ImpoRting and ExpoRting: Getting Data Into and Out of R

Colby Ford Posted by Colby Ford

In any organization, data is housed in many locations and in many formats. Nowadays, many business analytics tools have the native ability to import from almost any data source imaginable. For example, Microsoft Power BI has the ability to get data from over 60 different sources, including many common file types and more esoteric data storage software.
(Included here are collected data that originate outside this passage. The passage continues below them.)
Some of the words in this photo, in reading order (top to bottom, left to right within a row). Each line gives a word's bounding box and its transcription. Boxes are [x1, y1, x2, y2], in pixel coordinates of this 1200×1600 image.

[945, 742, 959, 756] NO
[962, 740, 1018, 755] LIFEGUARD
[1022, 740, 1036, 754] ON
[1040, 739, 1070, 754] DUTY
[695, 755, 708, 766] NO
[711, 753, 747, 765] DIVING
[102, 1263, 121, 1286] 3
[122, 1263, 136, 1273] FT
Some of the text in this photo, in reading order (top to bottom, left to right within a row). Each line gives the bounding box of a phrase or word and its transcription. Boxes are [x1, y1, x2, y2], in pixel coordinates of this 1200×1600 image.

iStock-607969272edited.jpg

From flat files to databases to proprietary file formats, we'll take a look at how simple it is to use these data sources in R. Many times, as you’ll see, all it takes is the installation and use of a simple package. This includes many proprietary formats such as SAS and Microsoft Excel. The steps below will take you through each format and help you to master importing and exporting data!
 

Reading and Writing Common Flat Files

Base R

R comes equipped with the ability to read and write many common text-based flat files including .csv files, .tsv files, and more. For example, let’s say I have a file called mydata.csv in my data folder. R has a function, read.table, and its children functions, read.csv, and read.delim.
#read.table works in the following manner: "read.table(file, header = FALSE, sep = "", quote = "\"'",...".
csvinput <- read.table("data/mydata.csv",header = TRUE, sep = ",",quote = "\"")

#Alternatively, using "read.csv"" will assume the separator is a comma, which may save some time.
#We used the quote parameter to tell R that there are some strings in the file surrounded by double quotes.
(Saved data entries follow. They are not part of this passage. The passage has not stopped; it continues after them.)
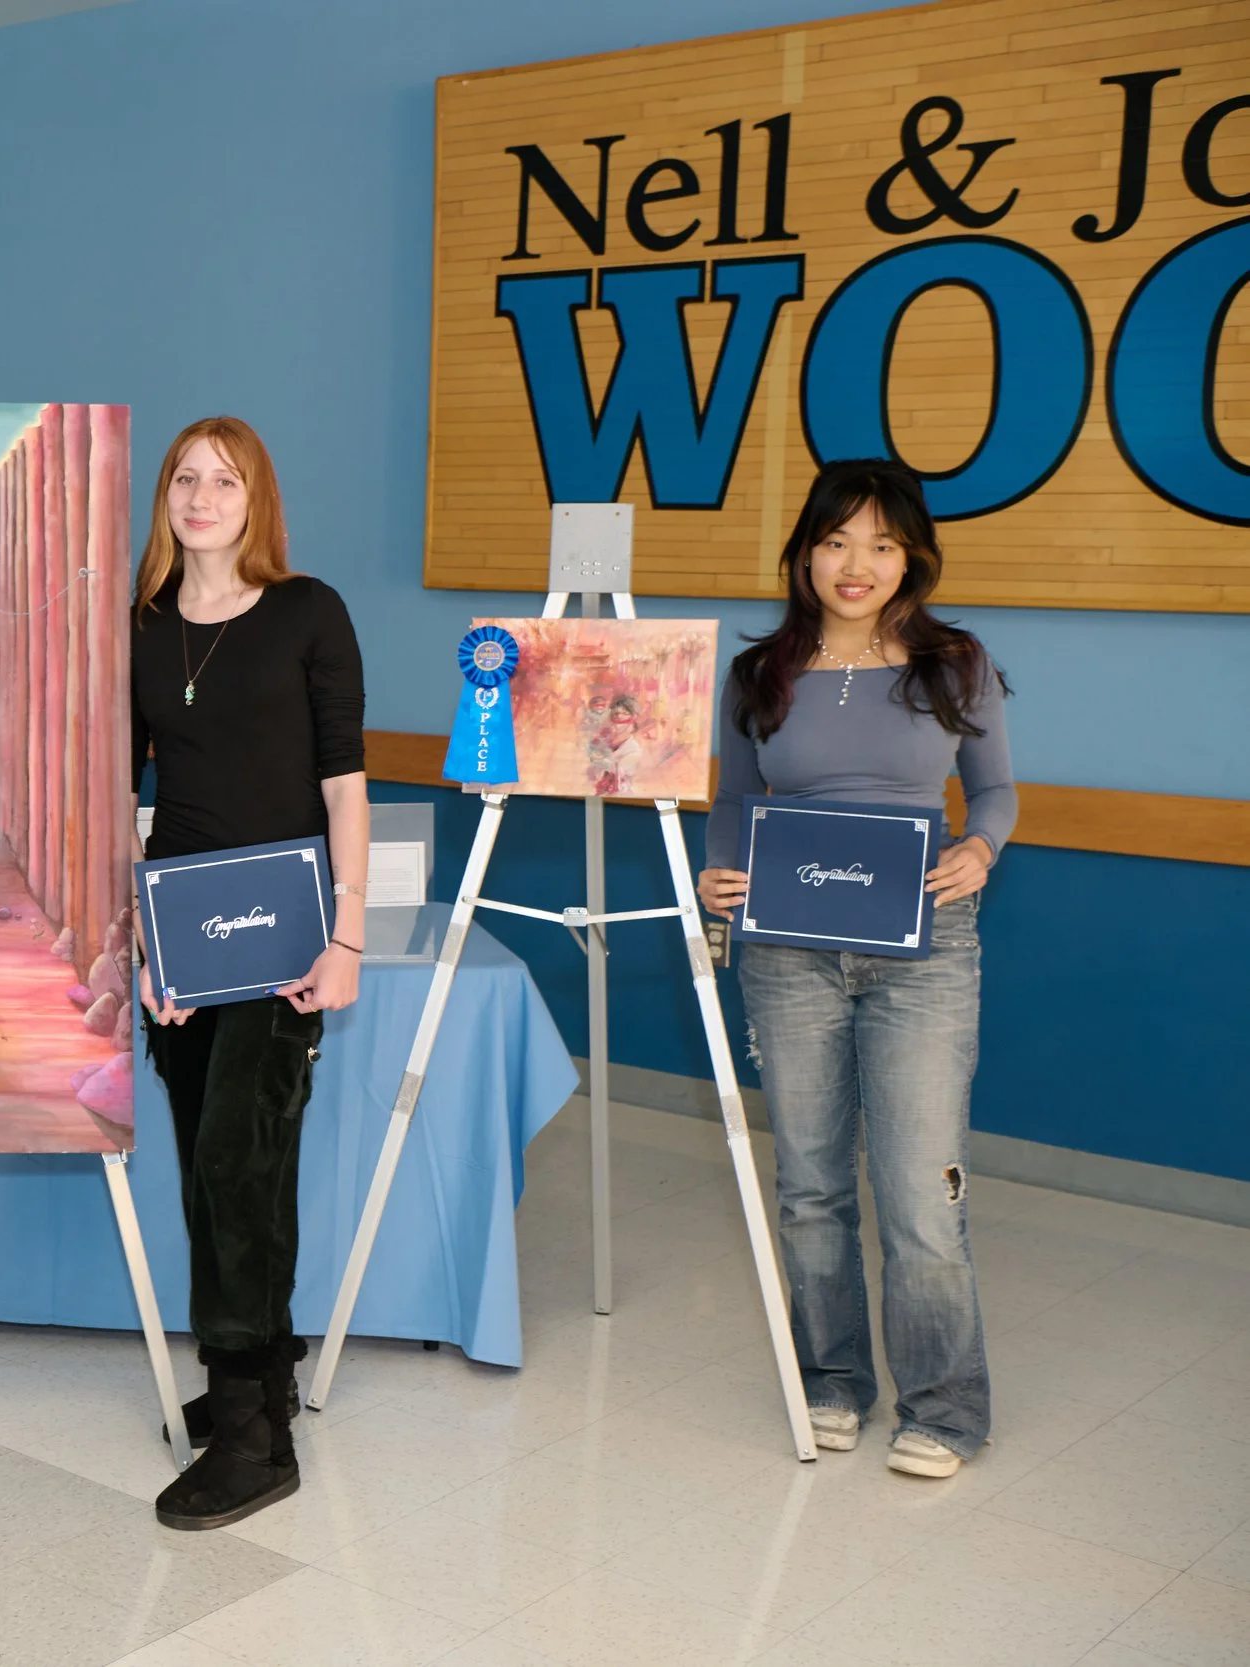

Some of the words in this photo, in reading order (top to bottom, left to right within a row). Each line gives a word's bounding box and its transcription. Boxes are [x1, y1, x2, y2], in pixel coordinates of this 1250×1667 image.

[502, 113, 800, 260] Nell
[865, 95, 1020, 235] &
[477, 712, 491, 772] PLACE
[796, 862, 874, 887] Congratulations
[201, 906, 276, 940] Congratulations
Now, let’s say that you have done some data manipulation and calculations and you want to export your data back to your data folder. This is just as simple as reading things in.
#write.table works in the following manner: "write.table(x, file = "", col.names = TRUE, append = FALSE, quote = TRUE, sep = " ",...".
#Alternatively, using "write.csv"" will assume the separator is a comma, which may save some time.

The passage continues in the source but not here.